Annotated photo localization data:

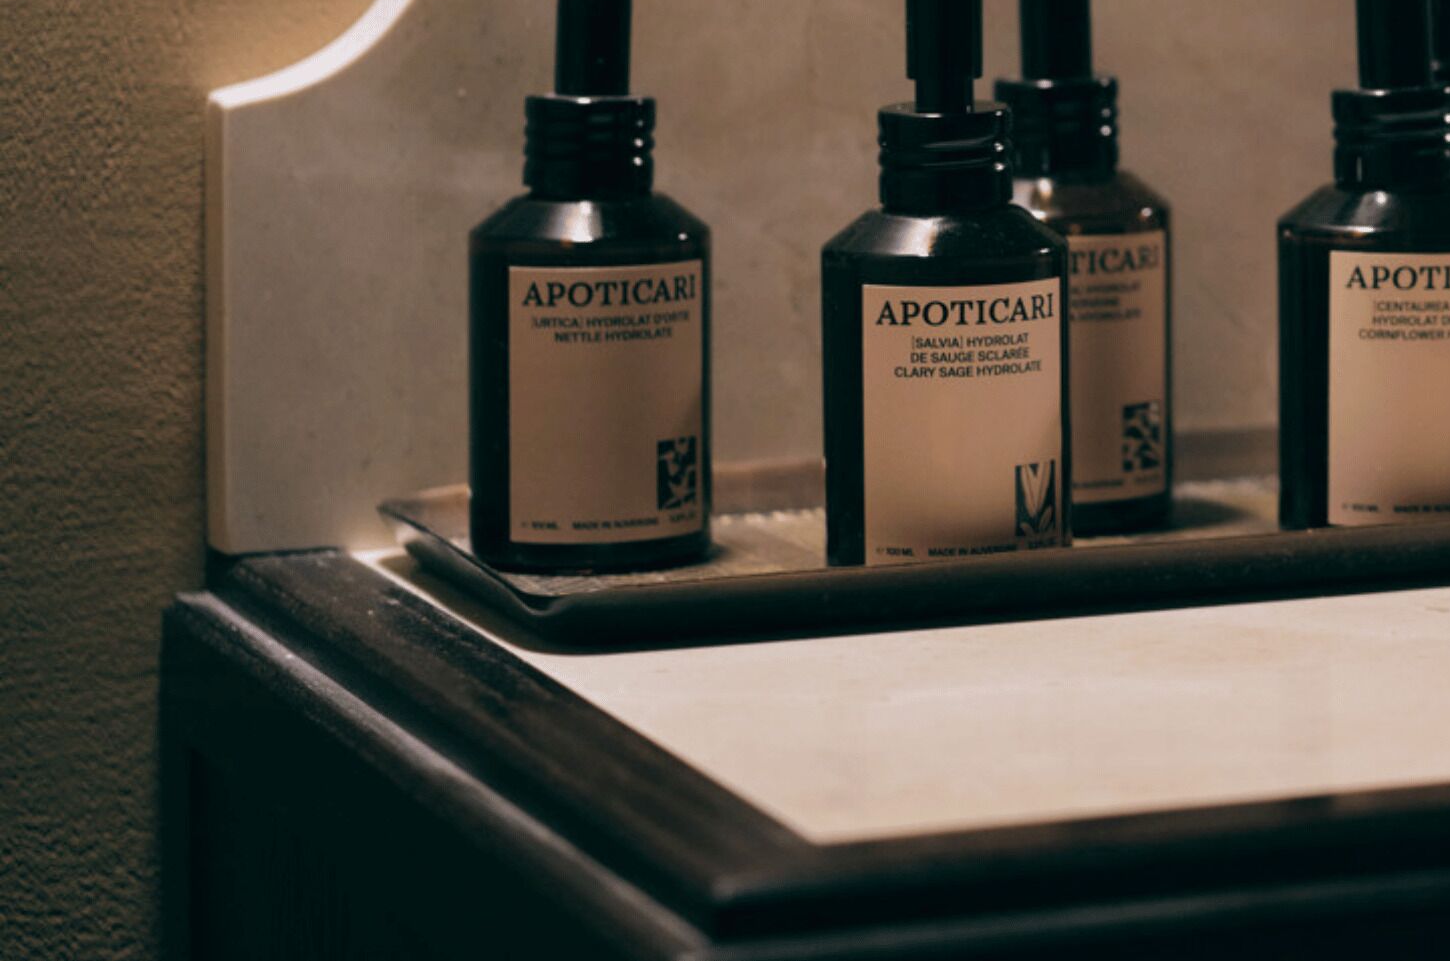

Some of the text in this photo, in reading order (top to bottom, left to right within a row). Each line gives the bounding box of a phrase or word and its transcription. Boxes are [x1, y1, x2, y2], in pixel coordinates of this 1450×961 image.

[523, 275, 695, 307] APOTICARI
[876, 293, 1053, 326] APOTICARI
[966, 332, 1029, 348] HYDROLAT
[910, 346, 1030, 364] DE SAUGE SCLARÉE
[894, 360, 1042, 379] CLARY SAGE HYDROLATE
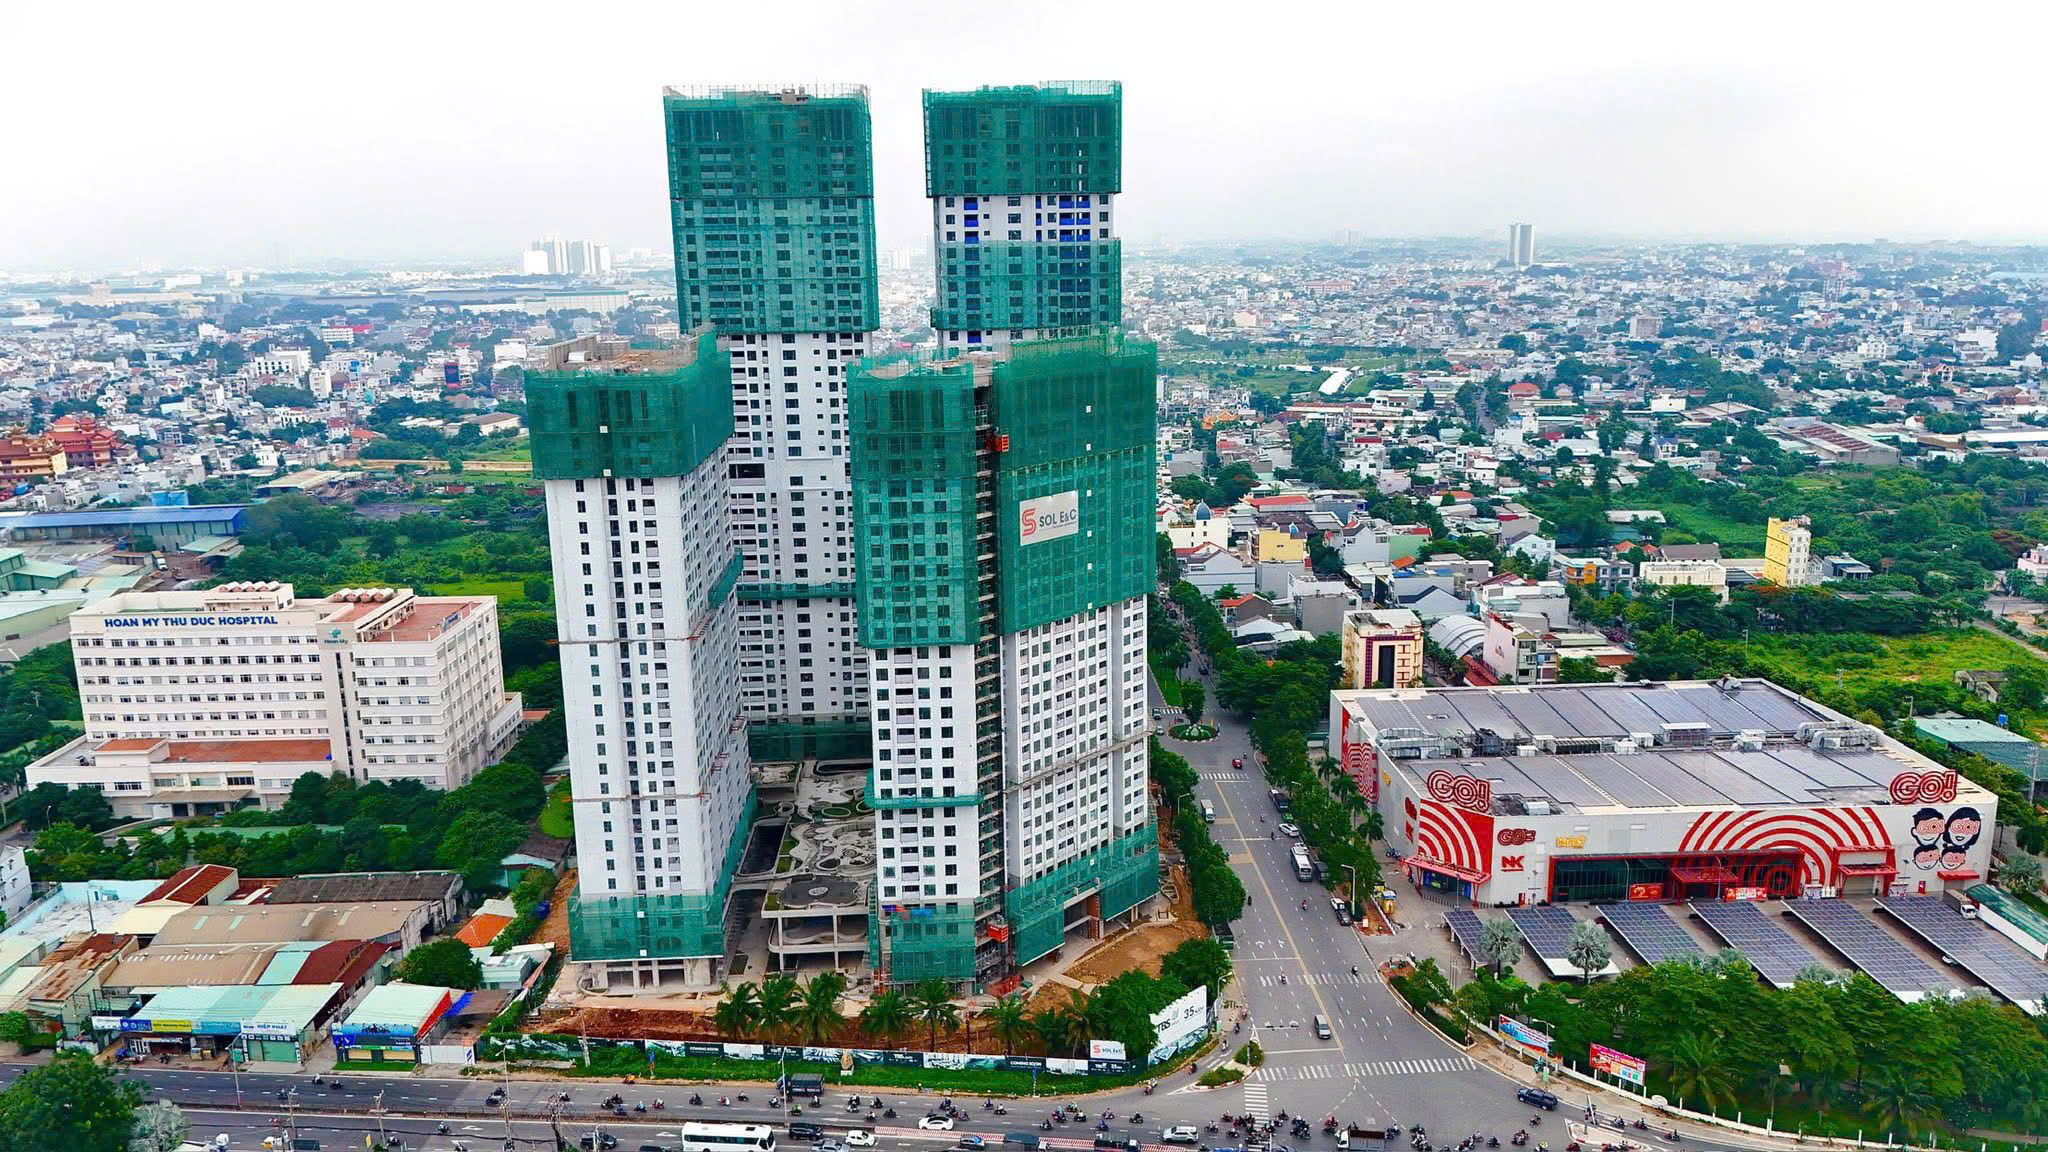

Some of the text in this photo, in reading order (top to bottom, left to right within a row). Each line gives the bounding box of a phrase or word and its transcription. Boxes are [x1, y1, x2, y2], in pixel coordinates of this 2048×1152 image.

[1040, 513, 1057, 527] SOL
[1060, 509, 1077, 523] E&C
[104, 615, 278, 627] HOAN MY THU DUC HOSPITAL
[1427, 770, 1490, 812] GO!
[1889, 769, 1959, 804] GO!
[1497, 828, 1536, 846] GO!
[1501, 855, 1525, 869] NK
[1157, 1018, 1172, 1034] TBS
[1183, 1005, 1195, 1020] 35
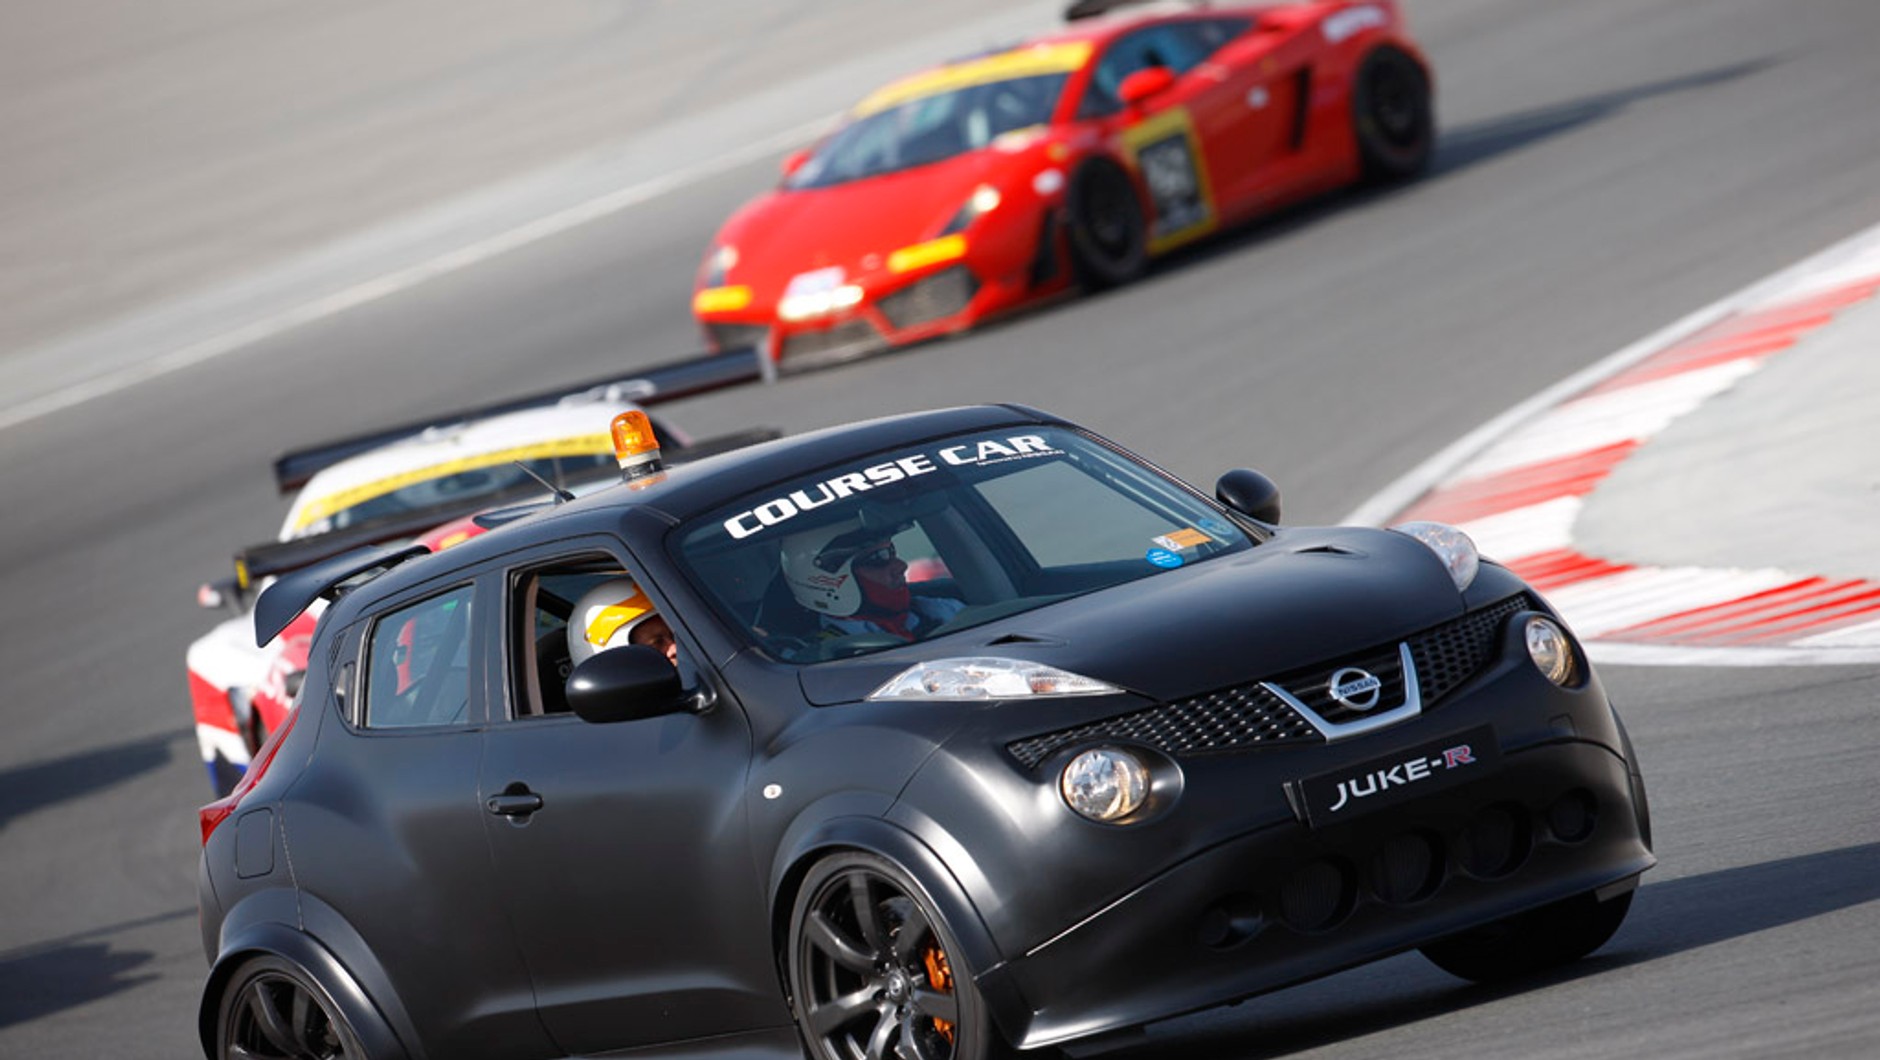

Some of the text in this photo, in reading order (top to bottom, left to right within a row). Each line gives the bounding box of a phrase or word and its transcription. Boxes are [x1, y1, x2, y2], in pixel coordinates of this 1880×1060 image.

[723, 434, 1055, 539] COURSE CAR
[1337, 679, 1378, 696] NISSAN
[1329, 745, 1476, 812] JUKE-R
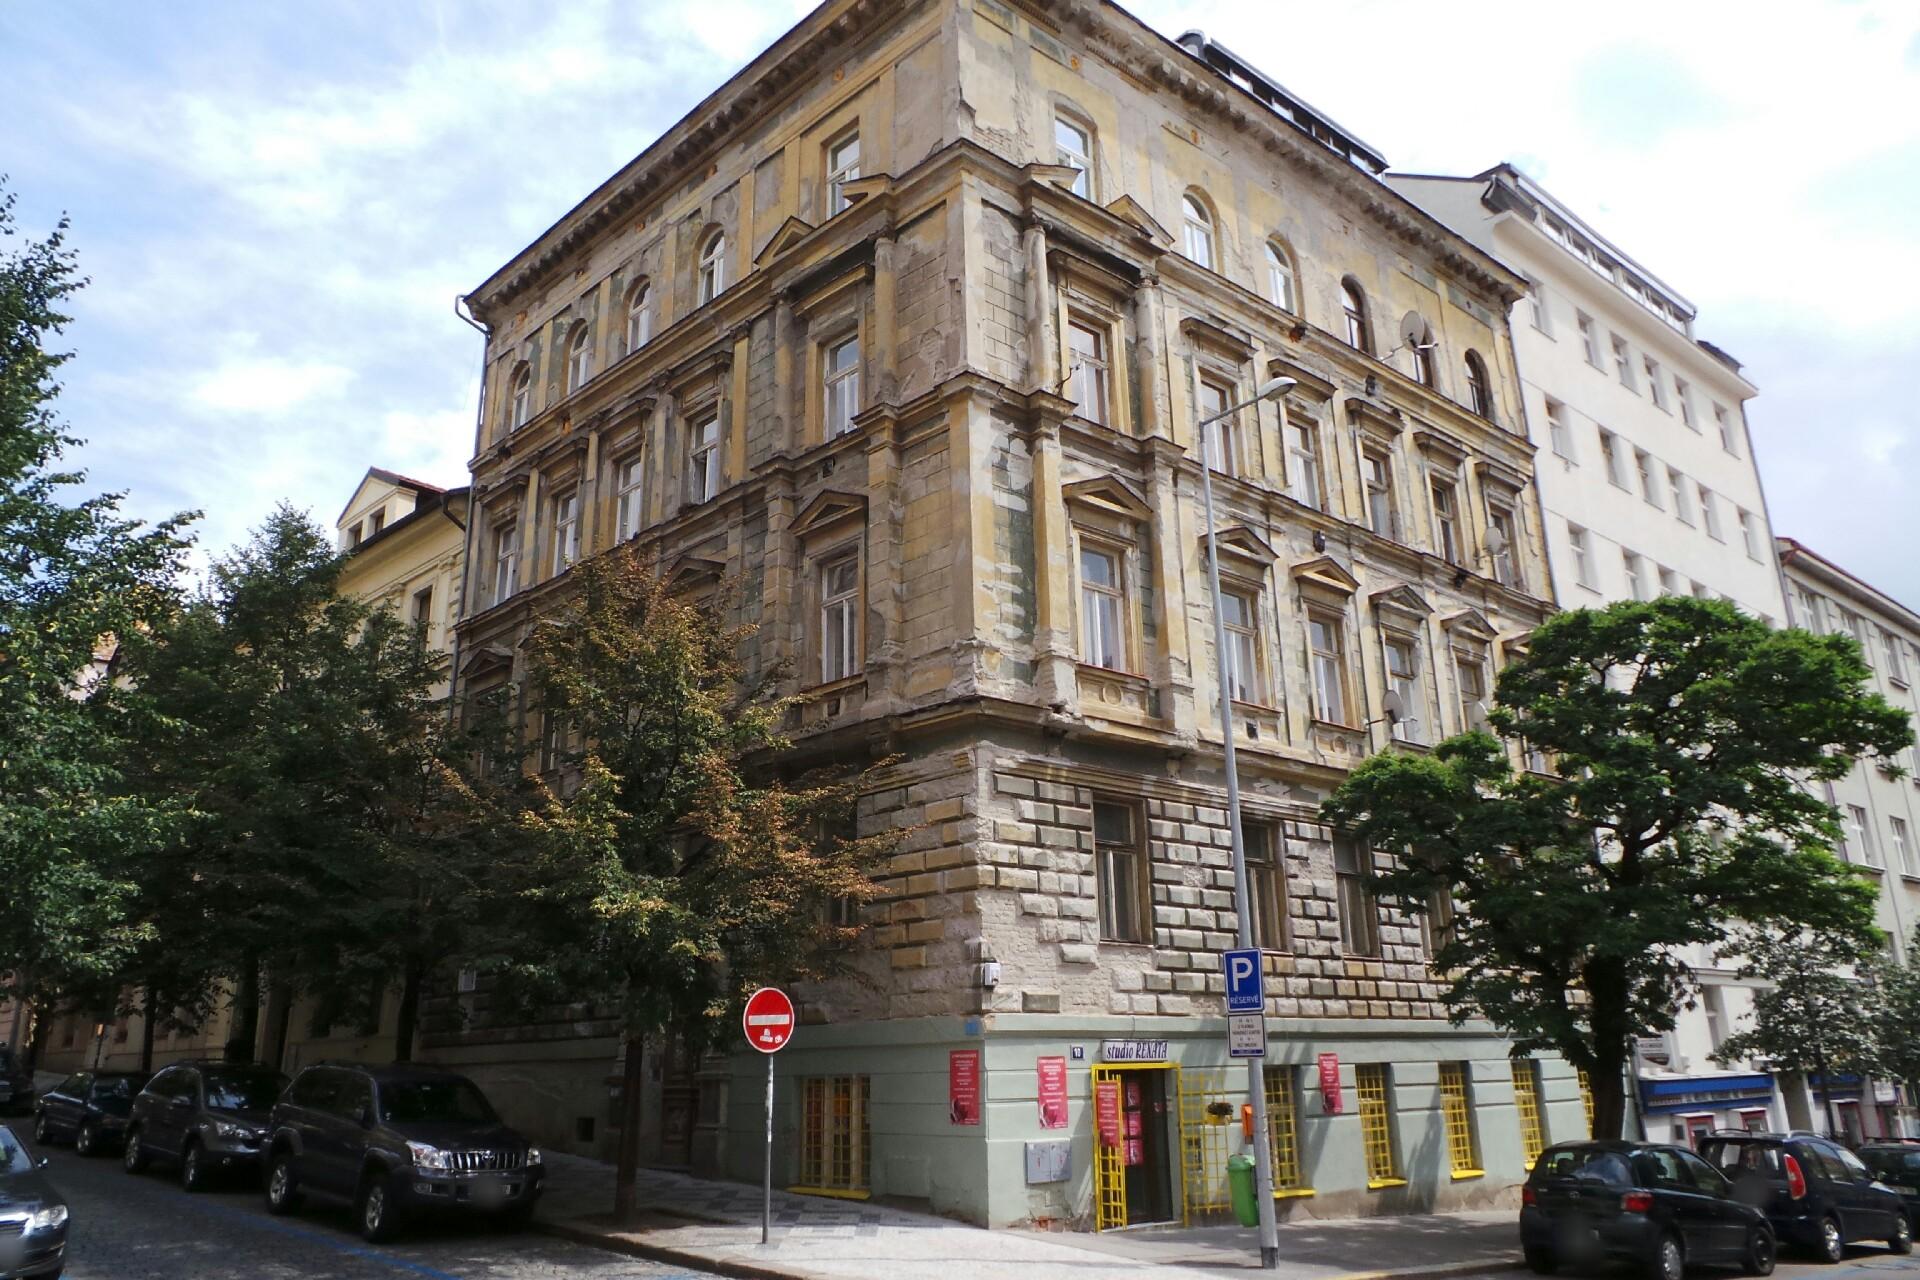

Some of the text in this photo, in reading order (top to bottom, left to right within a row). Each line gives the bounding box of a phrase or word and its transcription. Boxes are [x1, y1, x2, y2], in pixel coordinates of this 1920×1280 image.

[1231, 957, 1253, 992] P
[1107, 1040, 1168, 1059] studio RENATA

_Problem to work on:_ Write out each record exactly as shown, but not its pictures.

_Exercise result:_
Some of the text in this photo, in reading order (top to bottom, left to right within a row). Each line gives the bounding box of a phrase or word and its transcription. Boxes are [x1, y1, x2, y2], in pixel coordinates of this 1450×961 image.

[523, 275, 695, 307] APOTICARI
[876, 293, 1053, 326] APOTICARI
[966, 332, 1029, 348] HYDROLAT
[910, 346, 1030, 364] DE SAUGE SCLARÉE
[894, 360, 1042, 379] CLARY SAGE HYDROLATE

Some of the text in this photo, in reading order (top to bottom, left to right within a row). Each line gives the bounding box of a phrase or word and its transcription. Boxes are [x1, y1, x2, y2], in pixel coordinates of this 2048×1152 image.

[1040, 513, 1057, 527] SOL
[1060, 509, 1077, 523] E&C
[104, 615, 278, 627] HOAN MY THU DUC HOSPITAL
[1427, 770, 1490, 812] GO!
[1889, 769, 1959, 804] GO!
[1497, 828, 1536, 846] GO!
[1501, 855, 1525, 869] NK
[1157, 1018, 1172, 1034] TBS
[1183, 1005, 1195, 1020] 35

Some of the text in this photo, in reading order (top to bottom, left to right within a row). Each line gives the bounding box of a phrase or word and its transcription. Boxes are [x1, y1, x2, y2], in pixel coordinates of this 1880×1060 image.

[723, 434, 1055, 539] COURSE CAR
[1337, 679, 1378, 696] NISSAN
[1329, 745, 1476, 812] JUKE-R

Some of the text in this photo, in reading order (top to bottom, left to right within a row). Each line gives the bounding box of a phrase or word and its transcription. Boxes are [x1, y1, x2, y2], in pixel coordinates of this 1920×1280 image.

[1231, 957, 1253, 992] P
[1107, 1040, 1168, 1059] studio RENATA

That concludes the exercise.